Dhara Ranasinghe and Amanda Cooper
LONDON/SINGAPORE (Reuters) – The euro fell while French stocks and bonds fell on Monday following President Emmanuel Macron’s decision to call early parliamentary elections after being crushed by the far right in European Union elections.
The euro fell as much as 0.6% to a one-month low of $1.0733 and hit a 21-month low against the pound of 84.49 pence.
French blue-chip shares fell 1.6% as lenders BNP Paribas (OTC:) and Societe Generale (OTC:) suffered sharp losses, marking the worst performing index in Europe. The European benchmark fell 0.5%.
French government bond prices also fell, pushing 10-year borrowing costs to their highest level this year at around 3.20%. Center, liberal and socialist parties were expected to retain majorities after European Parliament elections, but Eurosceptic nationalists made the biggest gains, raising questions about the ability of the major powers to carry out policy in the bloc.
Taking a risky step to restore power, Macron called parliamentary elections, the first round of which is scheduled for June 30.
If the far-right National Rally party wins a majority, Macron will be left without a say in domestic affairs.
“This is probably a bit of bad news for markets,” said Berenberg chief economist Holger Schmieding.
“It introduces an unexpected element of uncertainty.”
Britain will hold a general election on July 4 and crucial US elections in November, while markets have become fragile recently as expectations of a US rate cut have dimmed.
Kathleen Brooks, director of research at trading platform XTB, said in a note that the “shock factor” of Macron’s decision to call early elections will weigh on European markets on Monday, but who wins the actual vote could carry more weight.

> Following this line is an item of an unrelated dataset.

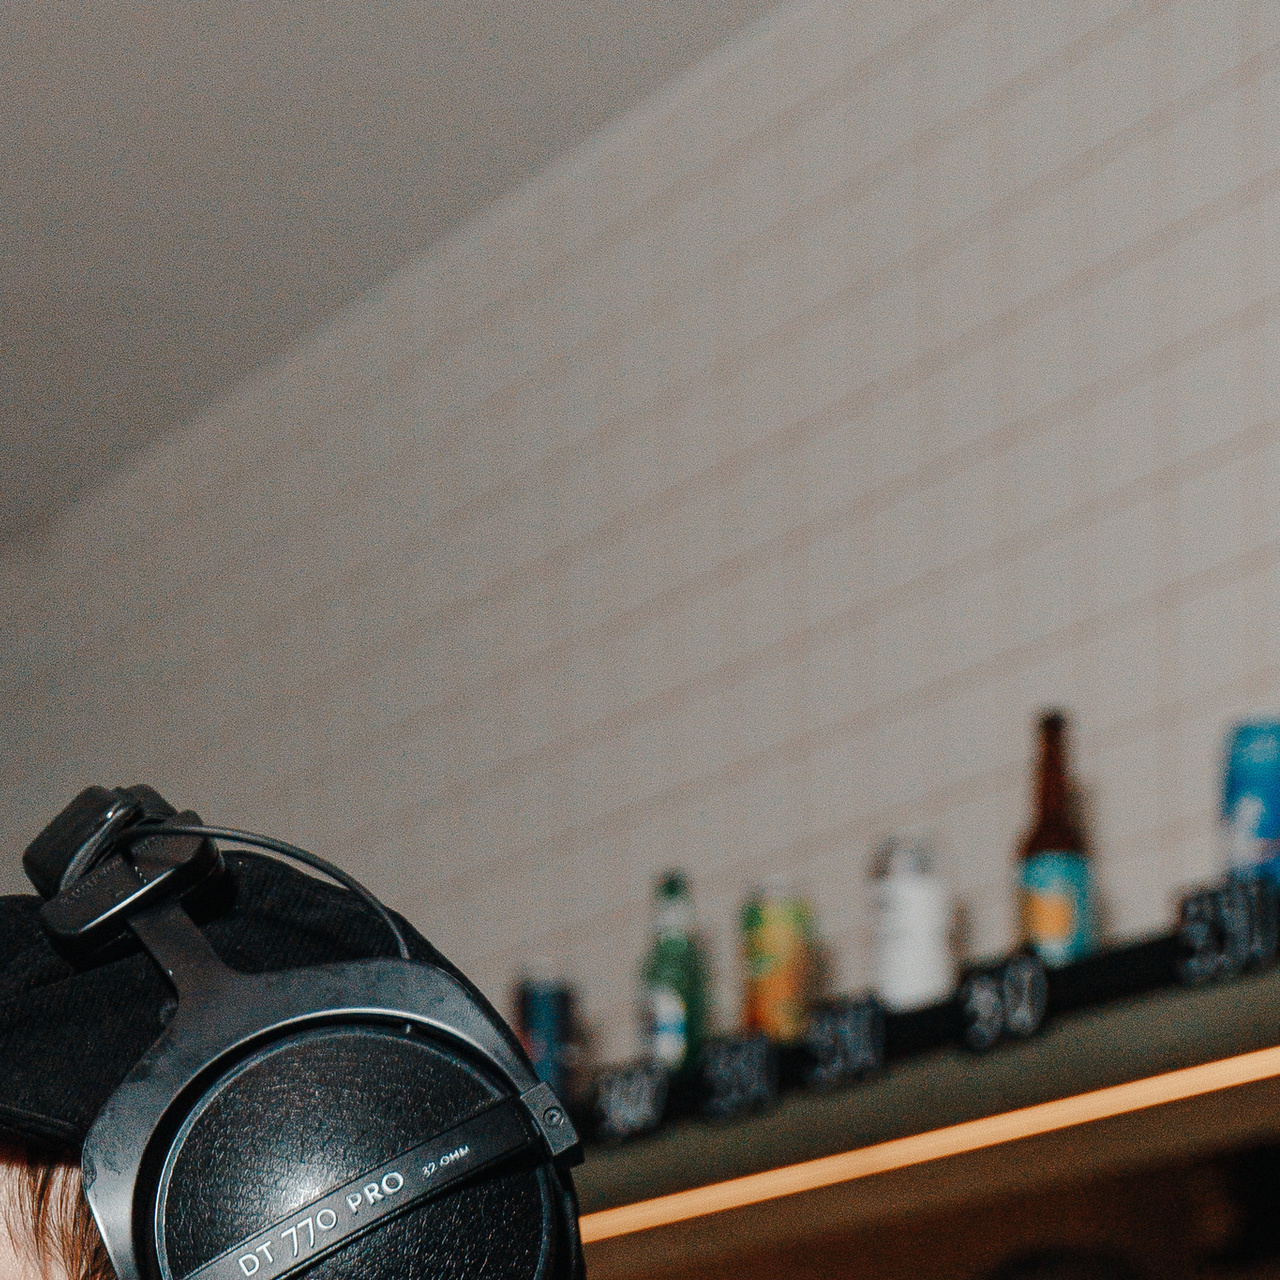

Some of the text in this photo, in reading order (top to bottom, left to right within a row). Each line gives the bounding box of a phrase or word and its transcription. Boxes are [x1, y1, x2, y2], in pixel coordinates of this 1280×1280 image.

“The question for euro traders and European stock markets is how radical will Marine Le Pen and Jordan Bardella be if they do well in the French parliamentary elections?” she said, referring to two far-right leaders in France.
DEMANDING CALL?
While euro and eurozone assets have been largely softened by a decline in Euroscepticism compared to the elections of the 2010s and early 2020s, the results and France’s unexpected reaction could be a warning sign.

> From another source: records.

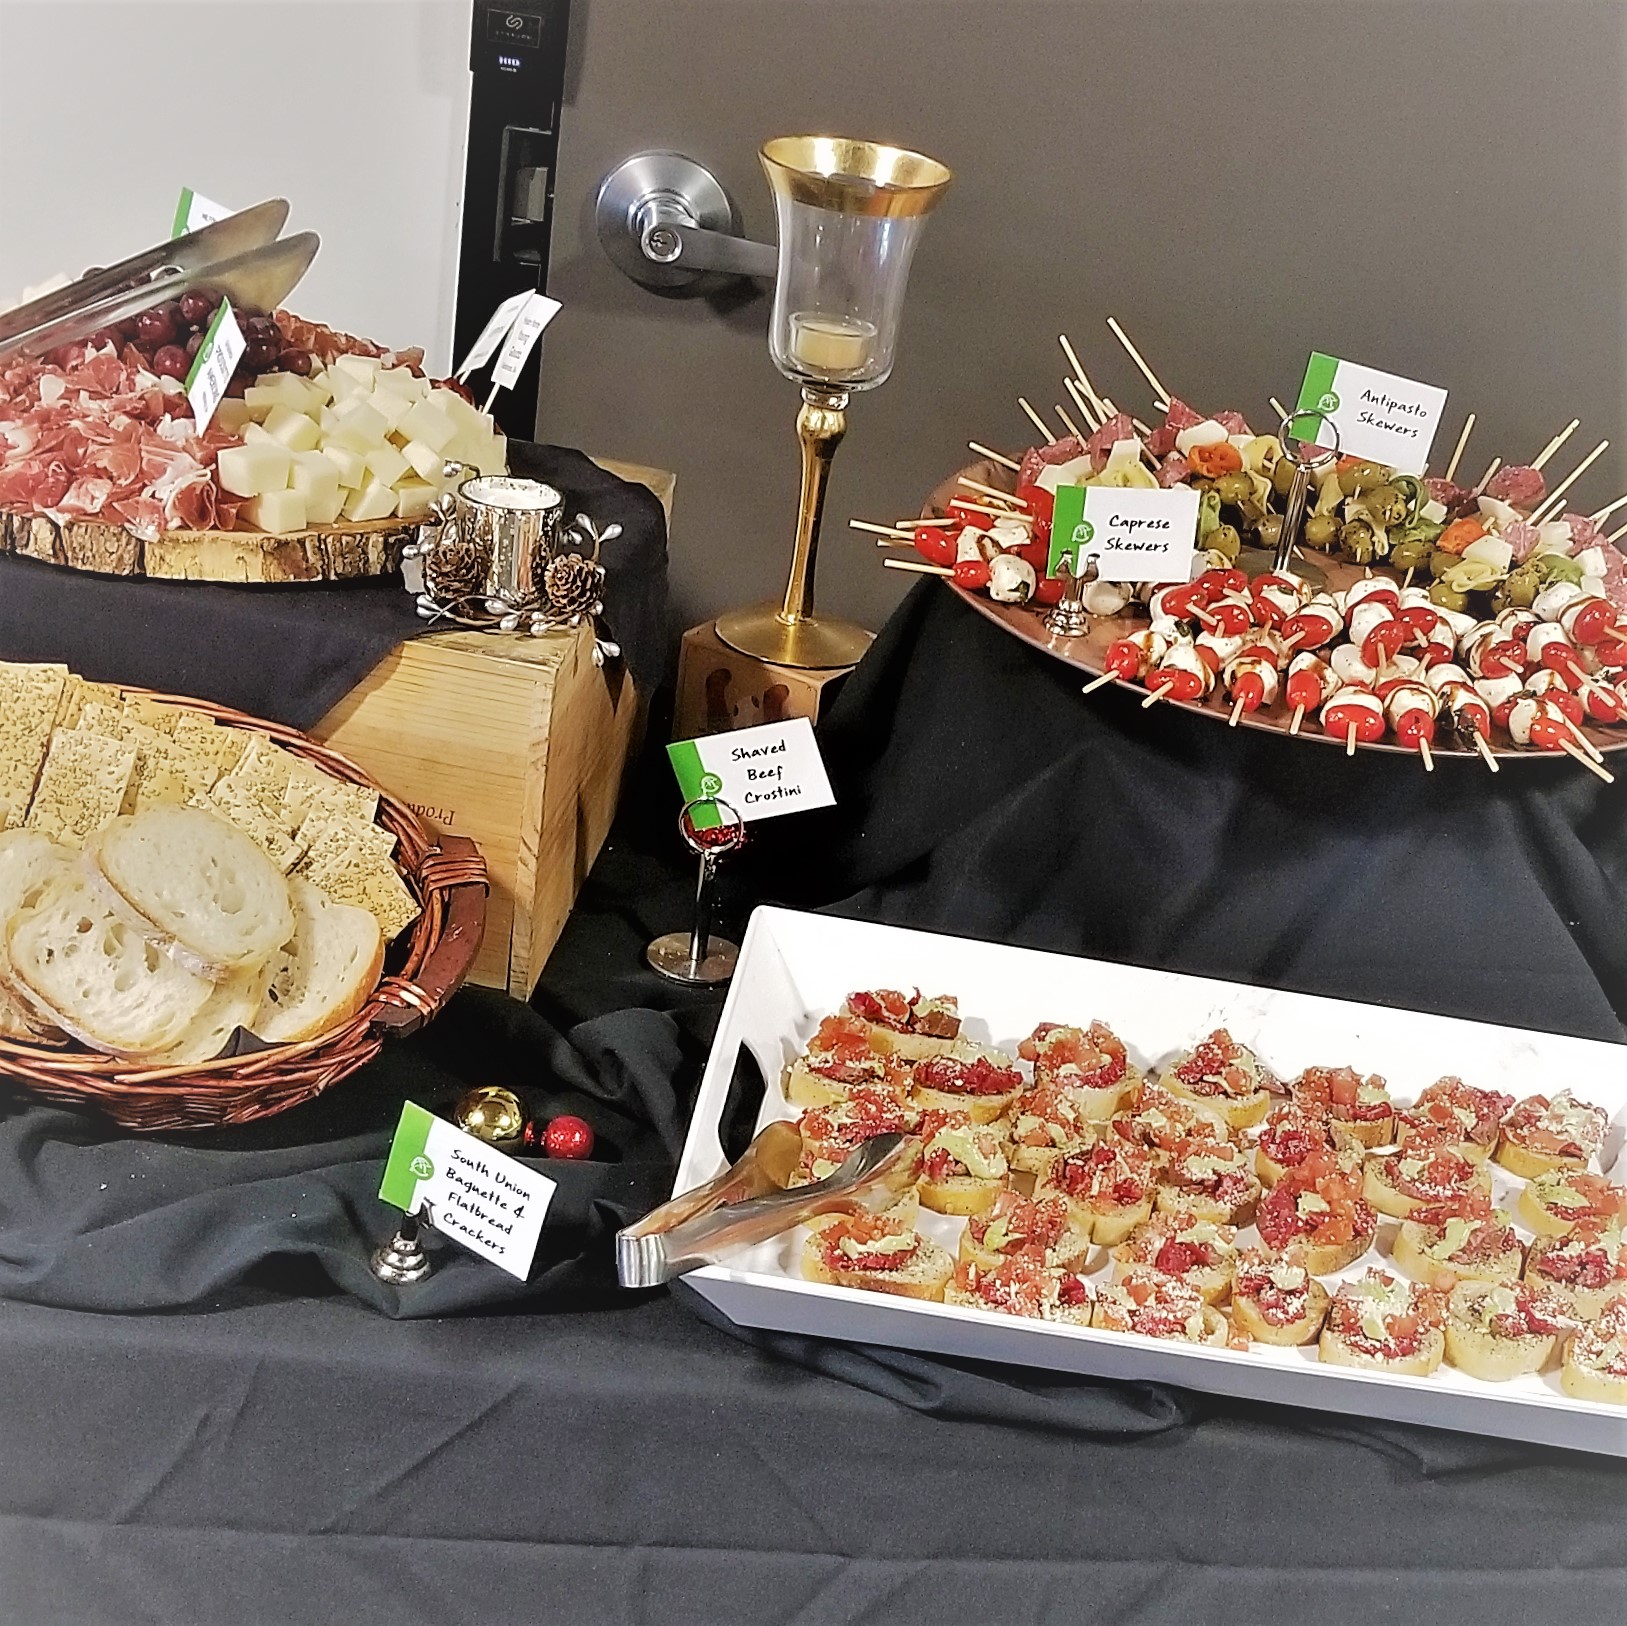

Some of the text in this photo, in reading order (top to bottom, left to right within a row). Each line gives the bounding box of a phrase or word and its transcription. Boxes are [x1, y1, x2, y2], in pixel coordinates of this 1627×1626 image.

[1360, 389, 1427, 418] Antipasto
[1357, 411, 1418, 438] Skewers
[1109, 515, 1170, 533] Caprese
[1105, 538, 1169, 552] Skewers
[732, 739, 786, 761] Shaved
[747, 766, 783, 780] Beef
[745, 785, 801, 803] Crostini
[451, 1149, 530, 1201] South Union
[446, 1167, 525, 1218] Baguette &
[448, 1192, 514, 1235] Flatbread
[443, 1213, 506, 1254] Crackers

Premium bond investors demanding to hold French government debt rather than benchmark German bonds hit their highest level in six weeks, rising 7 basis points (bps) to 55 bps.
The gap between German and Italian debt, which investors view as a gauge of risk appetite in the wider region, also widened to nearly 140 bps, the highest since late April.
“It is clear that early elections are a new source of uncertainty, which should have some negative impact on economic and market confidence, at least in France,” said Jan von Gerich, chief market analyst at Nordea.
But he noted that EU election results are not always reflected in domestic results due to different voting systems and because EU elections tend to attract more protest votes.
However, French bank shares took a hit, with Societe Generale shares falling nearly 8% and BNP Paribas shares falling 5% as investors feared their funding costs could rise if French sovereign loans become more expensive amid rising costs. say the bankers.
Analysts also noted that a major victory for the far right in parliamentary elections could pave the way for the introduction of a tax on bank profits – another reason why shares of French lenders took such a hit on Monday.
The cost of insuring both banks’ debt against default rose to about its highest level in a month, according to S&P Global Market Intelligence.
The European Central Bank last week made its first rate cut in five years and the currency has fallen nearly 2.5% against the dollar this year, driven largely by the relative prospects for interest rate cuts in the eurozone and the United States.
In France, where concerns over the country’s high debt levels have grown this year, the impact of renewed political uncertainty on the economy may also come into focus.
Standard & Poor’s downgraded France’s sovereign debt rating last month in a painful rebuke of the government’s handling of a tight budget days before EU elections.